§ SOURCE RECORDS
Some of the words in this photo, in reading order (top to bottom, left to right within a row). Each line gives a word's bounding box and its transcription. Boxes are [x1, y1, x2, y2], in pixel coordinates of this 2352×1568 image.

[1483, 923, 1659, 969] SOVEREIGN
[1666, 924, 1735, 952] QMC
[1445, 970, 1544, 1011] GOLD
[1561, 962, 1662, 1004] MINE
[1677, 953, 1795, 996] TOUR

§ ACTIVITY
Repeat the whole listing exactly. Leave nothing out.

§ EXERCISE RESULT
Some of the words in this photo, in reading order (top to bottom, left to right within a row). Each line gives a word's bounding box and its transcription. Boxes are [x1, y1, x2, y2], in pixel coordinates of this 2352×1568 image.

[1483, 923, 1659, 969] SOVEREIGN
[1666, 924, 1735, 952] QMC
[1445, 970, 1544, 1011] GOLD
[1561, 962, 1662, 1004] MINE
[1677, 953, 1795, 996] TOUR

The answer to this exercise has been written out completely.